(Required action): Your response should be every line of the data, written out exactly.

Record excerpts START

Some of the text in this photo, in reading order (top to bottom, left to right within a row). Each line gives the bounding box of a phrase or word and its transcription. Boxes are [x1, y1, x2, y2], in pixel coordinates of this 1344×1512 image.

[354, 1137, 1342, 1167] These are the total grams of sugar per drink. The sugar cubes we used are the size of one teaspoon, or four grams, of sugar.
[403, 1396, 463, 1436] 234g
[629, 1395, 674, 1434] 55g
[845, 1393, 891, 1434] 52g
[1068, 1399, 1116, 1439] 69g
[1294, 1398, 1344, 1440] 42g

Record excerpts END

(Response below):
Some of the text in this photo, in reading order (top to bottom, left to right within a row). Each line gives the bounding box of a phrase or word and its transcription. Boxes are [x1, y1, x2, y2], in pixel coordinates of this 1344×1512 image.

[354, 1137, 1342, 1167] These are the total grams of sugar per drink. The sugar cubes we used are the size of one teaspoon, or four grams, of sugar.
[403, 1396, 463, 1436] 234g
[629, 1395, 674, 1434] 55g
[845, 1393, 891, 1434] 52g
[1068, 1399, 1116, 1439] 69g
[1294, 1398, 1344, 1440] 42g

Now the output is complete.